### TASK ITEM
Would you give the entries again word for word, with no pictures in the copy?

### DATA SHOWN
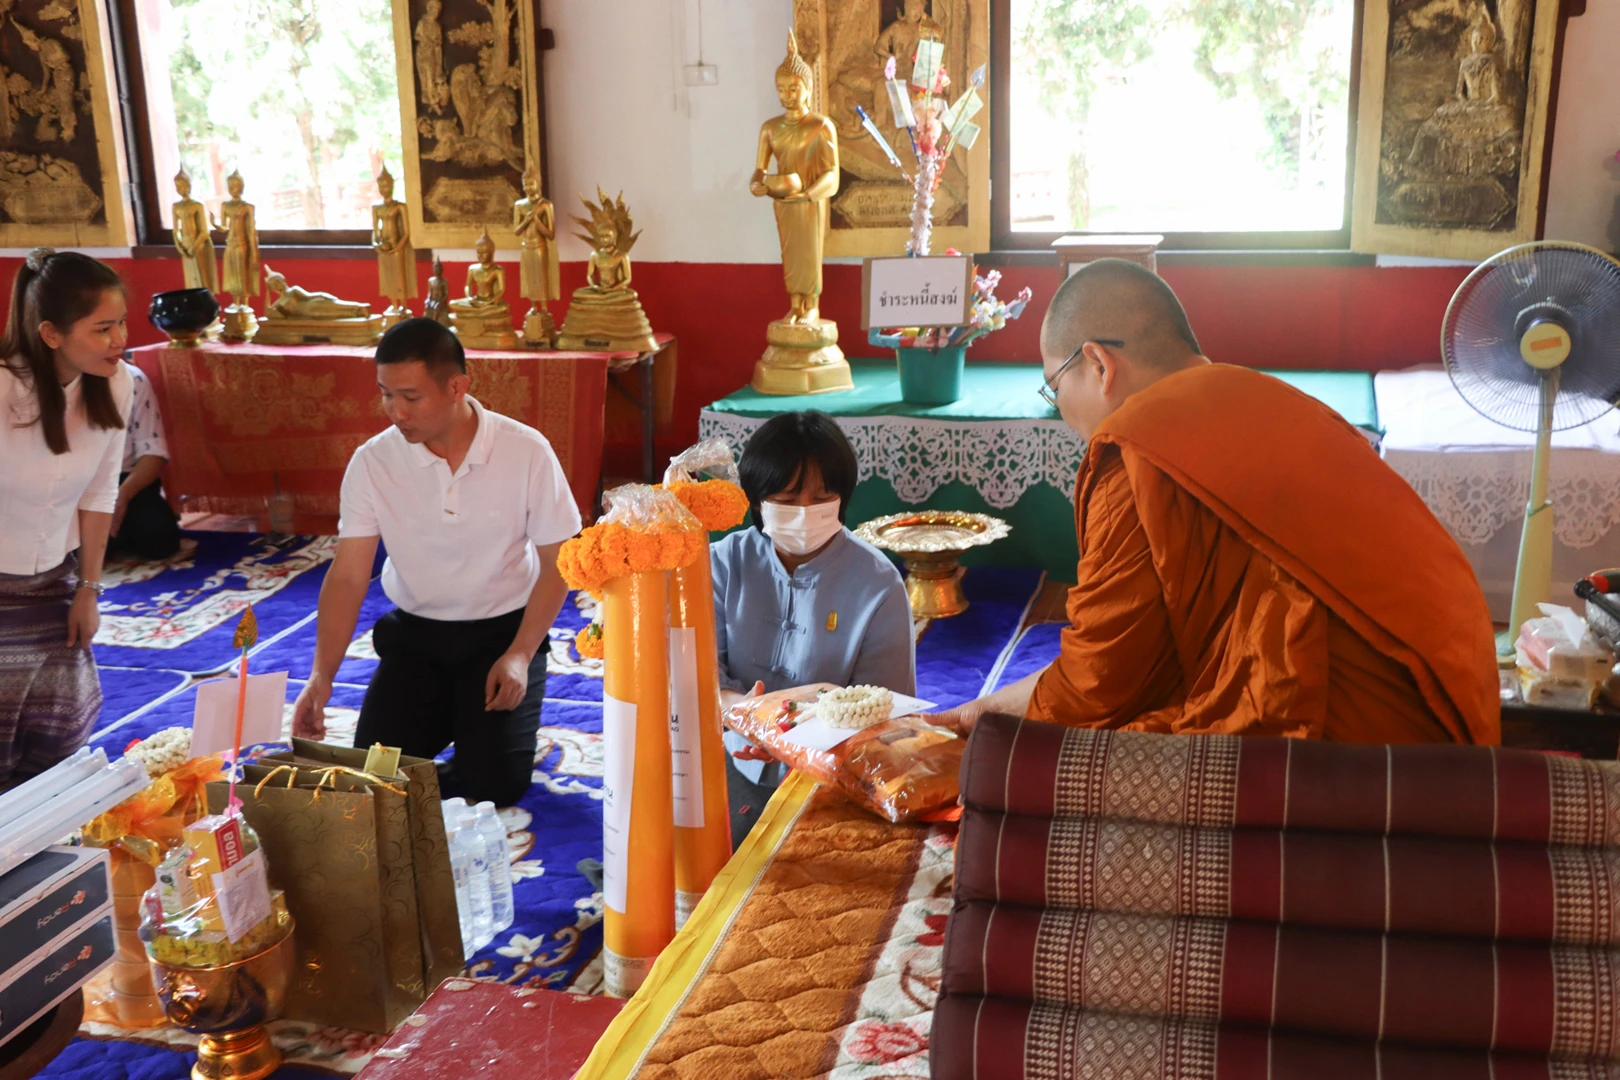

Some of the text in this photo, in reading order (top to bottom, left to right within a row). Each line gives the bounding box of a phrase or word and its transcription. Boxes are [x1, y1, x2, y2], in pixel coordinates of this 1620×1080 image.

[879, 282, 958, 308] ชำระหนี้สงฆ์
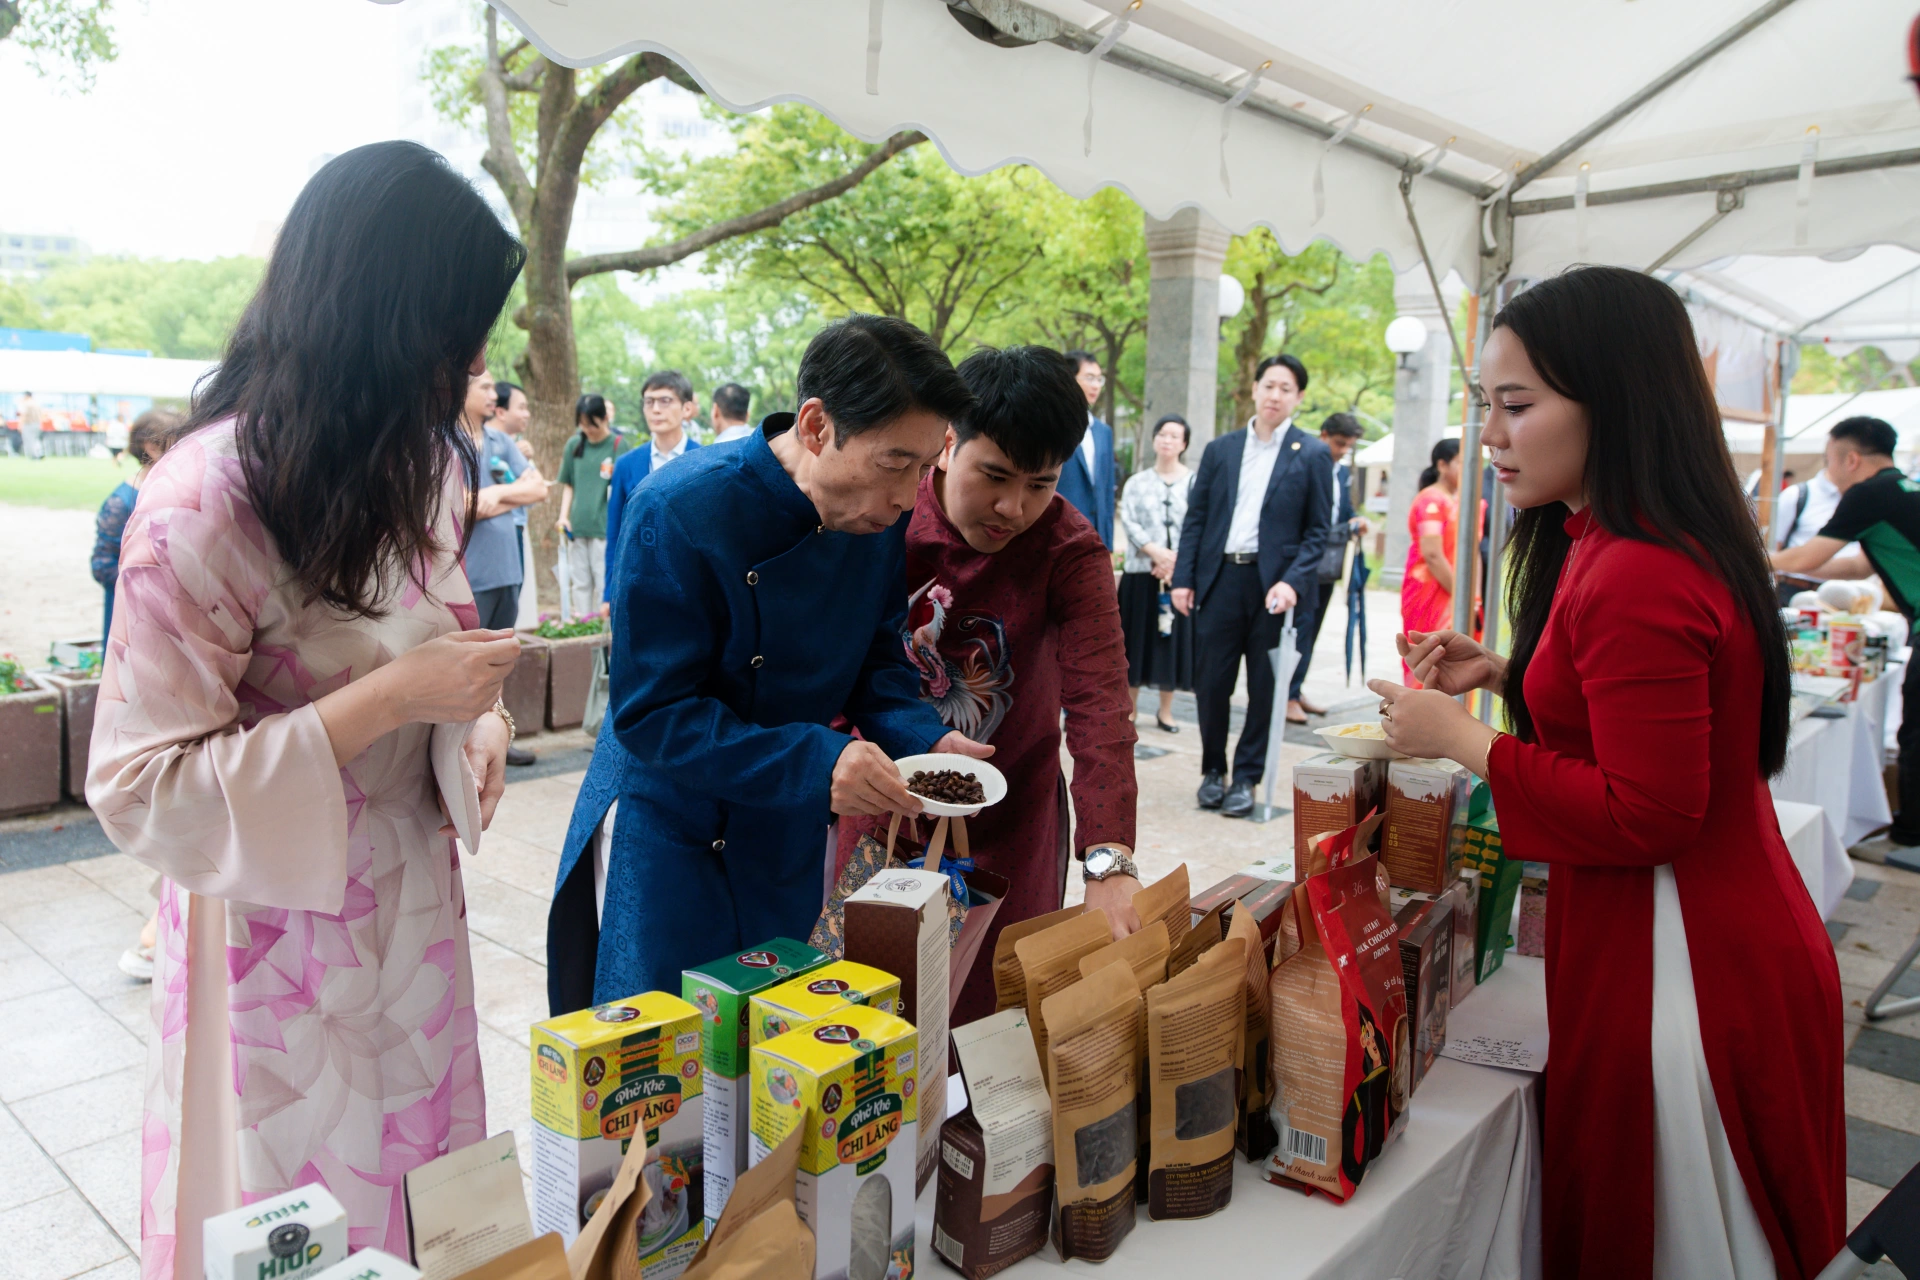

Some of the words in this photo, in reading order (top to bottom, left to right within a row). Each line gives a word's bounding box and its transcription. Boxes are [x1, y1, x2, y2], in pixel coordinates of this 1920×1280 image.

[1352, 880, 1363, 897] 36
[1356, 941, 1369, 955] MILK
[1373, 943, 1391, 960] DRINK
[615, 1082, 642, 1106] Phở
[643, 1079, 666, 1097] Khô
[605, 1112, 630, 1134] CHI
[850, 1104, 873, 1129] Phở
[873, 1099, 891, 1117] Khô
[842, 1136, 864, 1159] CHI
[866, 1116, 897, 1146] LĂNG
[1293, 1165, 1315, 1179] thanh
[1317, 1174, 1338, 1183] xuân

### OUTPUT OF THE TASK
Some of the text in this photo, in reading order (top to bottom, left to right within a row). Each line gives the bounding box of a phrase or word and its transcription. Boxes are [x1, y1, x2, y2], in pixel coordinates of this 1620×1080 image.

[879, 282, 958, 308] ชำระหนี้สงฆ์

Some of the words in this photo, in reading order (top to bottom, left to right within a row). Each line gives a word's bounding box and its transcription. Boxes are [x1, y1, x2, y2], in pixel coordinates of this 1920×1280 image.

[1352, 880, 1363, 897] 36
[1356, 941, 1369, 955] MILK
[1373, 943, 1391, 960] DRINK
[615, 1082, 642, 1106] Phở
[643, 1079, 666, 1097] Khô
[605, 1112, 630, 1134] CHI
[850, 1104, 873, 1129] Phở
[873, 1099, 891, 1117] Khô
[842, 1136, 864, 1159] CHI
[866, 1116, 897, 1146] LĂNG
[1293, 1165, 1315, 1179] thanh
[1317, 1174, 1338, 1183] xuân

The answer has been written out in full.